ЗАЦЕЛОВАННАЯ БЕСКОНЕЧНОСТЬ

   Он отступил от окна, глаза устали рассматривать бесконечные руины Москвы. Горы осколков когда-то пышущих жадностью и пресыщенностью элитных кварталов, серых панельных многоэтажек, крупиц памяти, сжатых в ветхих стенах церквей и музеев, седым пыльным ковром убегали в туман горизонта, а над ними, словно склонив голову на бок, безразличное рыжее создание уже много веков умиротворённо глядит в спокойствие спящей страны с купола бирюзы неба.
   Сергей сел в кресло и опустил веки. Впервые за долгую череду одноликих дней он чувствовал биение сердца; тепло ожившего огонька что-то повторяло на неизвестном языке.
   -- Зачем ты проснулось, родное? - прошептали небрежно губы.
   В ответ только - тук-тук, тук-тук, тук-тук... И чьи-то шаги, мягкие, пушистые, ласковые. Следом за ними вошла в комнату высокая женщина того самого возраста, когда уже жалеешь о прошедшей молодости, но ещё не успел почувствовать мягкие лапы старости. В её губах, коже, бровях, глазах тускнело всё, присущее тяжёлым годам: краски облетели, красота превратилась в нежность тающего блеска...
   -- Здравствуй, - улыбнулась она.
   Вместо ответа на приветствие, Сергей, всмотревшись в светлое лицо женщины, вяло усмехнулся. Мелькнуло нечто вроде презрения в его взгляде, и вопрос, что прозвучал сухо и безразлично, словно не ждал ответа, или знал его.
   -- Где ты была?
   -- Сердишься?
   -- Мы не евреи - отвечать вопросом на вопрос! - резко, как выплюнул слова, сказал Сергей. - Просто... Я не понимаю, где можно столько времени болтаться.
   -- Город большой.
   Женщина прошла к окну, пыльное золото легло на её пиджак.
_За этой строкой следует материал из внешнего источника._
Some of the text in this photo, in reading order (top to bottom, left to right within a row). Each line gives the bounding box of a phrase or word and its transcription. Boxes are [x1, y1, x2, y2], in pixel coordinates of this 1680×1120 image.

   -- И в нём столько интересных людей, - она вновь улыбнулась, но теперь сухим жилистым комочкам, свернувшимся в чёрном обруче горшочка на подоконнике. И будто от ласки , ровно стелившейся с губ, комочки развернулись, набухли; слезами выступили капельки влаги и из размокшей земли потянулись острые конусы бутончиков, одёрнутые светло-зелёной дымкой. Цветки распустились быстро, закивали белоснежными ресничками-лепестками.
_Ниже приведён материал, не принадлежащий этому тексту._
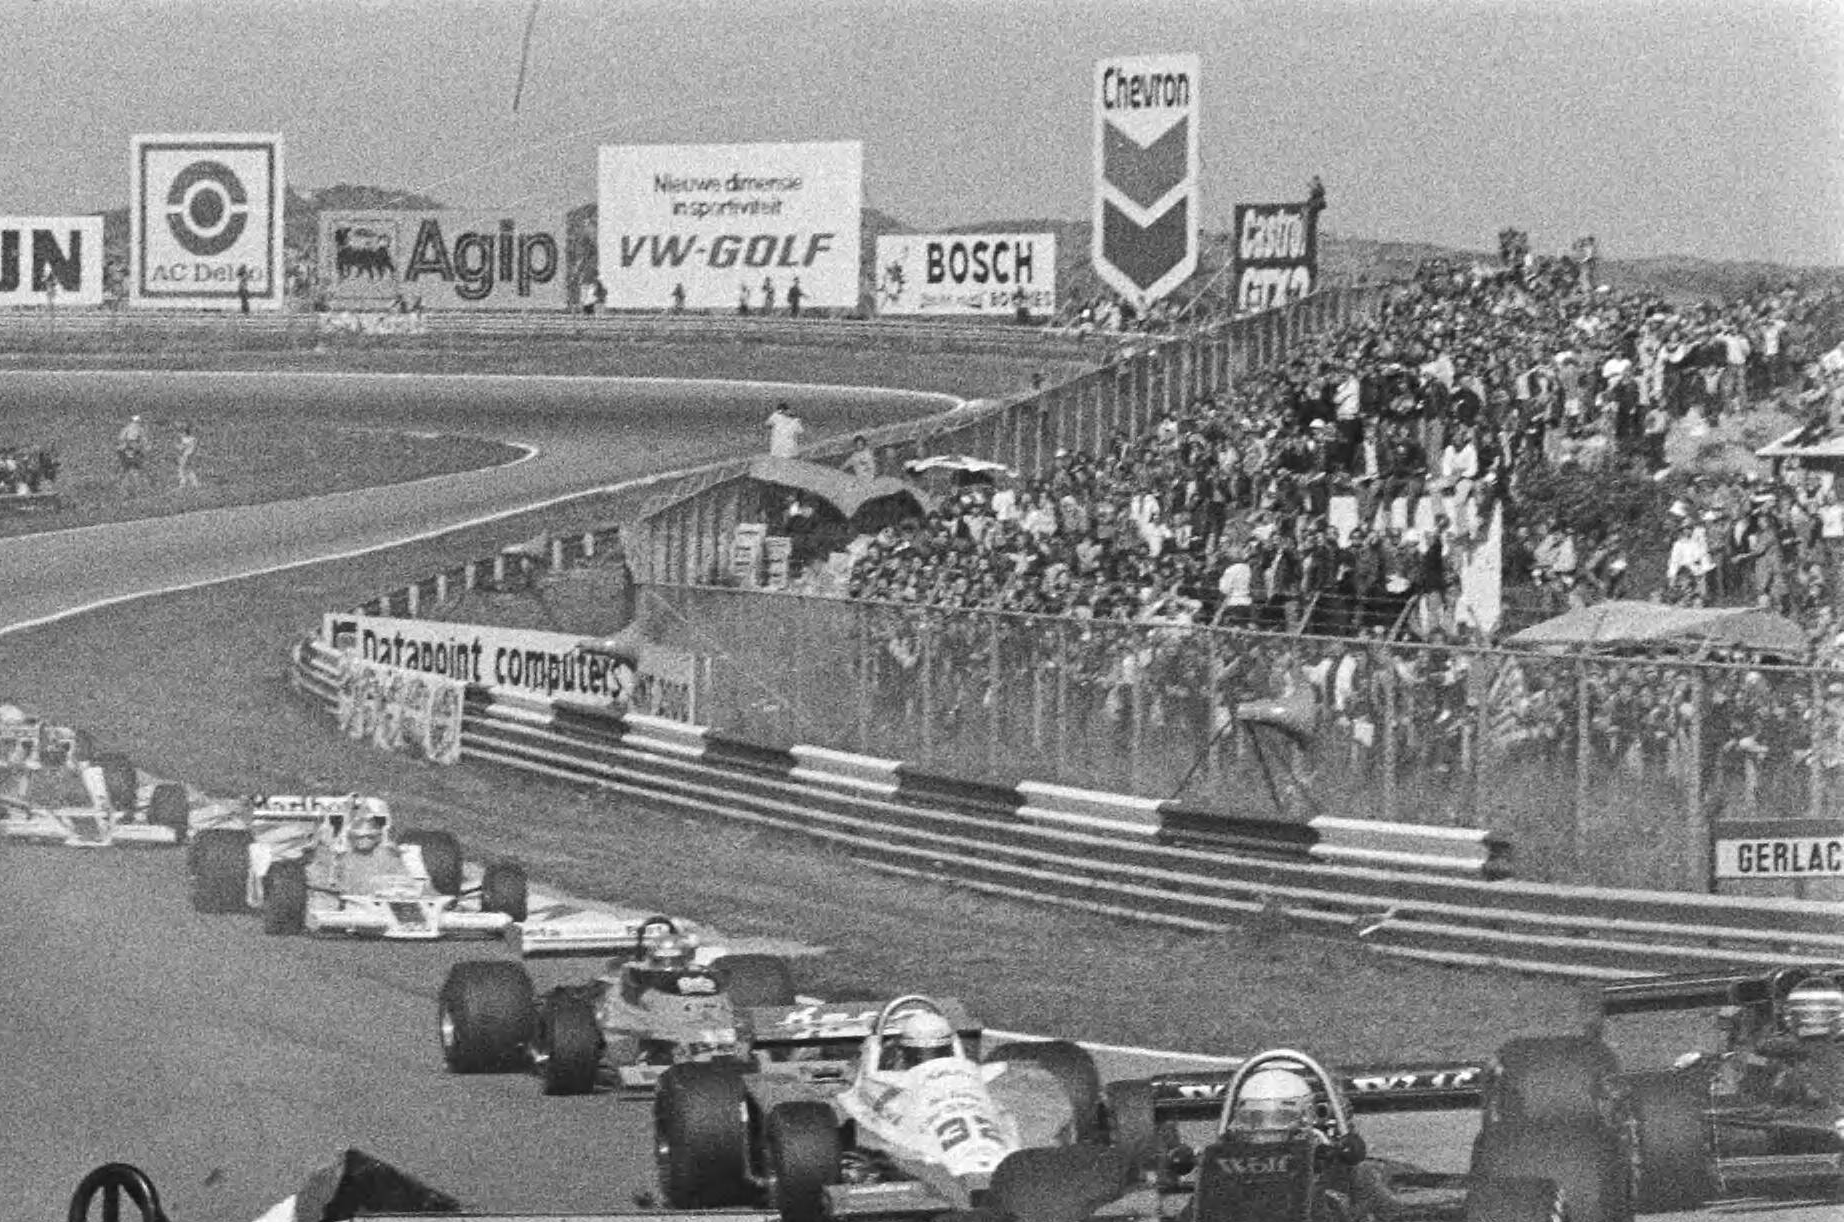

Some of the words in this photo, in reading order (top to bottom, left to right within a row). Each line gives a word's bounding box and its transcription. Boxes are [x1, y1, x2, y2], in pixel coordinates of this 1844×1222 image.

[1103, 66, 1189, 109] Chevron
[654, 173, 721, 193] Nieuwe
[725, 172, 803, 192] dimensie
[405, 219, 557, 300] Agip
[621, 233, 835, 267] VW-GOLF
[927, 241, 1033, 284] BOSCH
[151, 263, 188, 282] AC
[495, 645, 624, 698] computers
   -- Перестань, в этих развалинах уже давно никого нет! - громко и не сдержано возгласил Сергей, и от холода его голоса ожившие цветочки вновь, вспыхнув багровыми язычками пламени, погрузились в шершавый сон.
   Женщина обернулась; тень печали заслонила её лицо.
   -- Ты за старое? Никак не можешь смириться?
   Сергей вскочил, подбежал к гостье и, впившись взглядом в смиренный блеск её зрачков, прошипел:
   -- Хватит... Не мучай меня. Ты же знаешь, ты всё знаешь... Я...
   Палец, припавший к его губам, заставил оборвать речь.
   -- Да, знаю. Знаю.
   Сергей поцеловал нежную преграду и бережно обнял руками белую кисть женщины.
   -- Тогда ничего не говори и останься со мной.
   -- Нет... Глупый.
   Женщина выскользнула и растворилась. Тишина наполнила комнату, лишь размеренно стучало сердце.
   -- Посмотри, что вокруг тебя, - послышалось из-за спины. - Всё высохло, завяло. А раньше - помнишь? - листья, цветы... Всё зелёное, всё живое. Нам было хорошо. Но ты разрушил наше...
   Она замолчала, дождалась, пока парень наконец обратит на неё свой взор, опустила голову. Каштановые волосы волнами окутали её лицо, спрятав грустную улыбку.
   -- Наше вечное? - закончил фразу Сергей. - Бесконечное? Бессмертное? Какое, скажи? Где эта твоя вечность? Там, за окном? Да, там уже вечность ничего не меняется. Потому что там нечему меняется. Там нет ничего живого. Всё мертво. Все мертвы! А я - жив! Точнее существую. Годы, века!..
   -- Нет, Серёжа...
   -- Да!.. Во мне кровь всё так же бежит по венам, всё так же болят почки, и снова бьётся сердце! Видишь? Я жив! А ты уверяешь... Да какая же это смерть?!
   -- Ещё никакая, не она должна... Ты должен смирится!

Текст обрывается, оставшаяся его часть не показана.